#### [DESCRIPTION OF THE TASK]
An exact copy of the data is required; the images should not appear in it.

#### [Saved entries]
☆ ☆ ☆ ☆

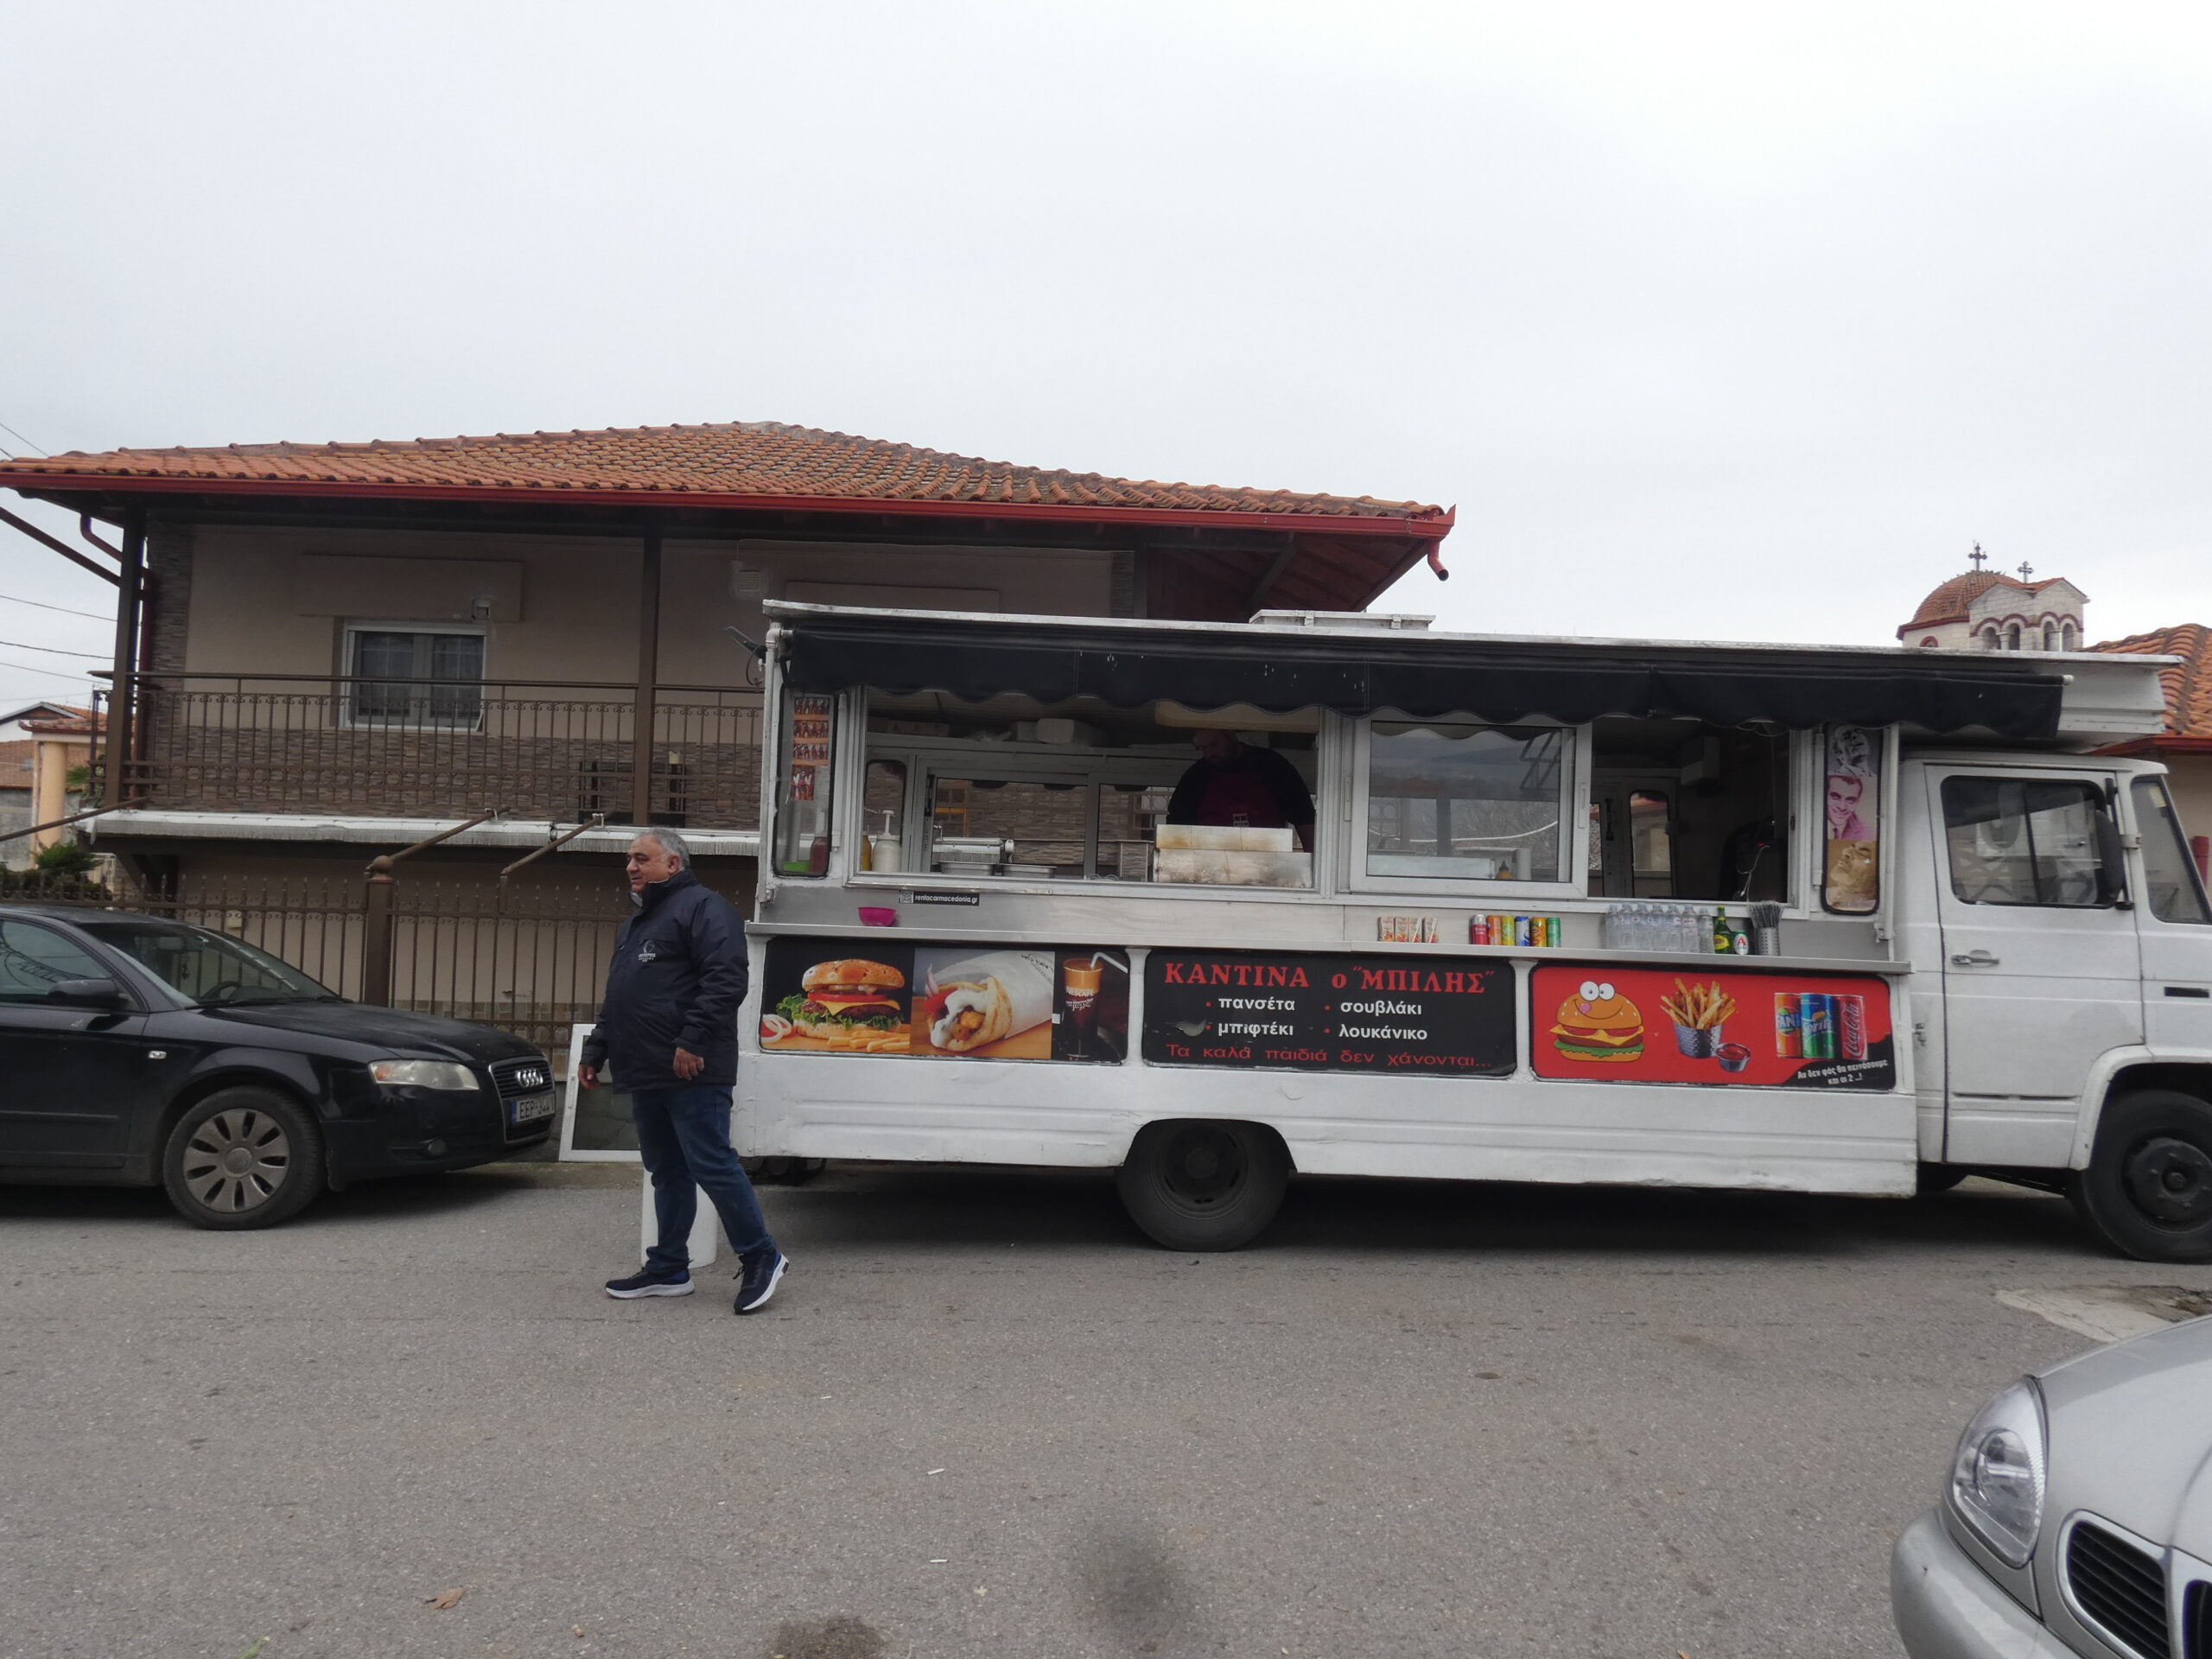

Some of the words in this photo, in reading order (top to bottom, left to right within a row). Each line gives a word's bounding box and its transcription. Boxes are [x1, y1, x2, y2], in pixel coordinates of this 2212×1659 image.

[915, 893, 977, 904] rentacarmacedonia.gr
[1164, 963, 1310, 988] ΚΑΝΤΙΝΑ
[1332, 973, 1347, 988] ο
[1218, 996, 1295, 1011] πανσέτα
[1340, 1000, 1422, 1016] σουβλάκι
[1218, 1021, 1294, 1038] μπιφτέκι
[1338, 1024, 1428, 1040] λουκάνικο
[1166, 1044, 1190, 1057] Τα
[1203, 1046, 1251, 1059] καλά
[1265, 1049, 1328, 1062] παιδιά
[1340, 1050, 1376, 1064] δεν
[1808, 1069, 1821, 1077] δεν
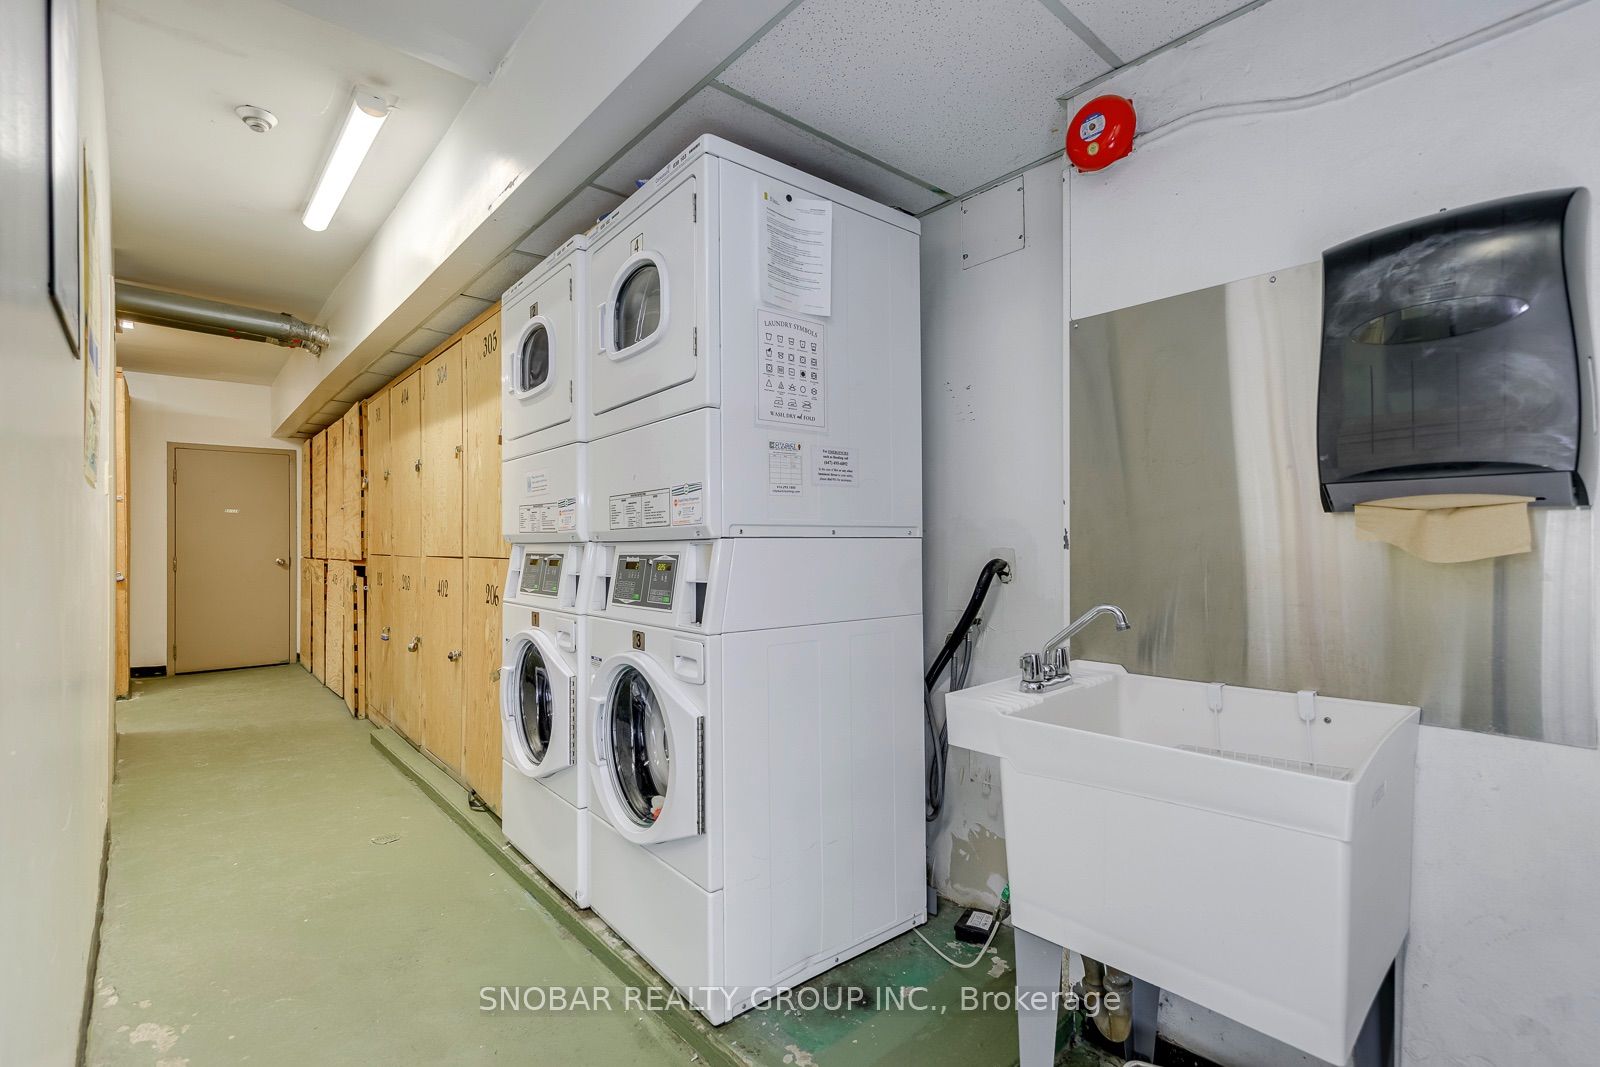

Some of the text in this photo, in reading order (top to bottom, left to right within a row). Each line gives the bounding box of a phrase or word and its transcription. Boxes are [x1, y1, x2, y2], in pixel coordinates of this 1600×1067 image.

[764, 320, 818, 338] LAUNDRY SYMBOLS
[482, 329, 498, 358] 305
[437, 579, 449, 598] 402
[485, 583, 500, 607] 206

☆ ☆ ☆ ☆

#### [RESULT FOR THIS EXERCISE]
Some of the words in this photo, in reading order (top to bottom, left to right within a row). Each line gives a word's bounding box and its transcription. Boxes are [x1, y1, x2, y2], in pixel coordinates of this 2212×1659 image.

[915, 893, 977, 904] rentacarmacedonia.gr
[1164, 963, 1310, 988] ΚΑΝΤΙΝΑ
[1332, 973, 1347, 988] ο
[1218, 996, 1295, 1011] πανσέτα
[1340, 1000, 1422, 1016] σουβλάκι
[1218, 1021, 1294, 1038] μπιφτέκι
[1338, 1024, 1428, 1040] λουκάνικο
[1166, 1044, 1190, 1057] Τα
[1203, 1046, 1251, 1059] καλά
[1265, 1049, 1328, 1062] παιδιά
[1340, 1050, 1376, 1064] δεν
[1808, 1069, 1821, 1077] δεν

Some of the text in this photo, in reading order (top to bottom, left to right within a row). Each line gives the bounding box of a phrase or word and its transcription. Boxes are [x1, y1, x2, y2], in pixel coordinates of this 1600×1067 image.

[764, 320, 818, 338] LAUNDRY SYMBOLS
[482, 329, 498, 358] 305
[437, 579, 449, 598] 402
[485, 583, 500, 607] 206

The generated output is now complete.